* Phrase grounding data *
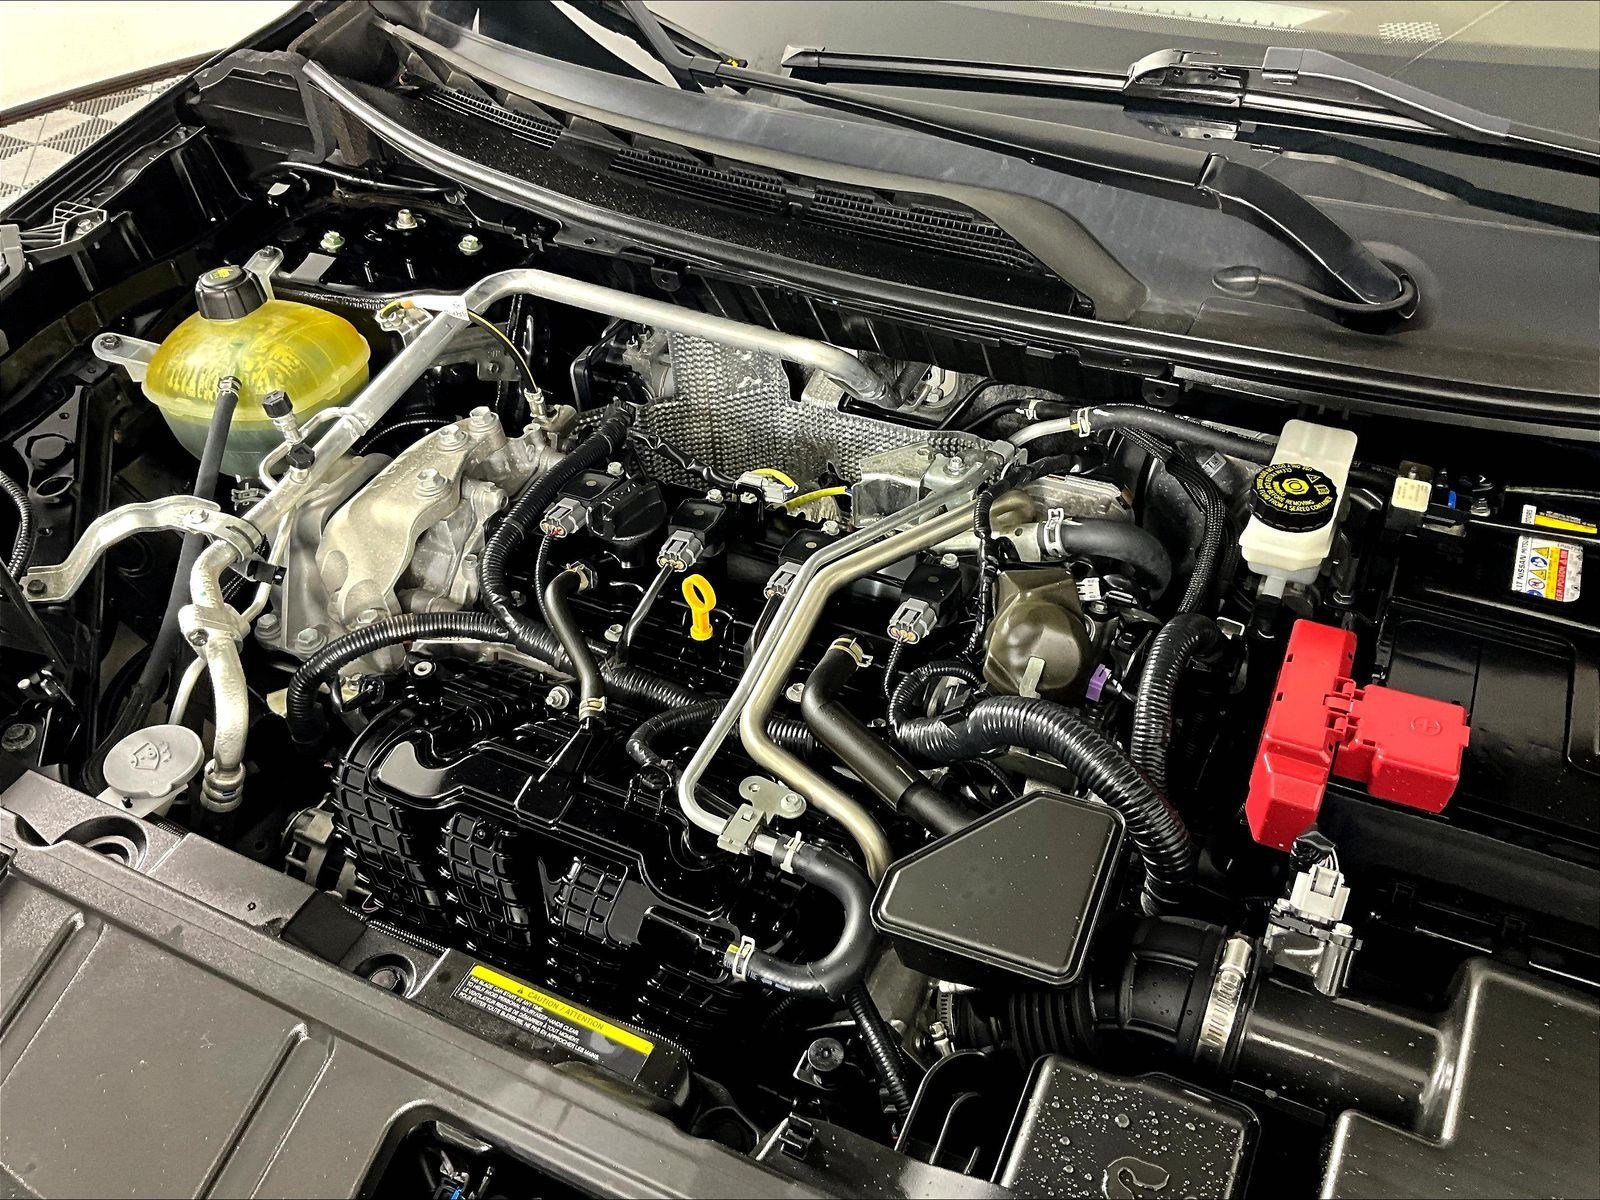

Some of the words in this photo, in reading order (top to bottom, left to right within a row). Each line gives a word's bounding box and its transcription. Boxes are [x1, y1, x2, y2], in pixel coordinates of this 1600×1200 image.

[1517, 555, 1527, 580] NISSAN
[473, 984, 486, 992] HELP
[484, 989, 498, 998] AVOID
[479, 980, 494, 989] BLADE
[503, 991, 517, 1000] START
[526, 992, 559, 1009] CAUTION
[564, 1009, 604, 1030] ATTENTION
[546, 1025, 559, 1034] TOUT

* Exercise directions *
Print verbatim every line above, apart from the pictures.

* Written solution *
Some of the words in this photo, in reading order (top to bottom, left to right within a row). Each line gives a word's bounding box and its transcription. Boxes are [x1, y1, x2, y2], in pixel coordinates of this 1600×1200 image.

[1517, 555, 1527, 580] NISSAN
[473, 984, 486, 992] HELP
[484, 989, 498, 998] AVOID
[479, 980, 494, 989] BLADE
[503, 991, 517, 1000] START
[526, 992, 559, 1009] CAUTION
[564, 1009, 604, 1030] ATTENTION
[546, 1025, 559, 1034] TOUT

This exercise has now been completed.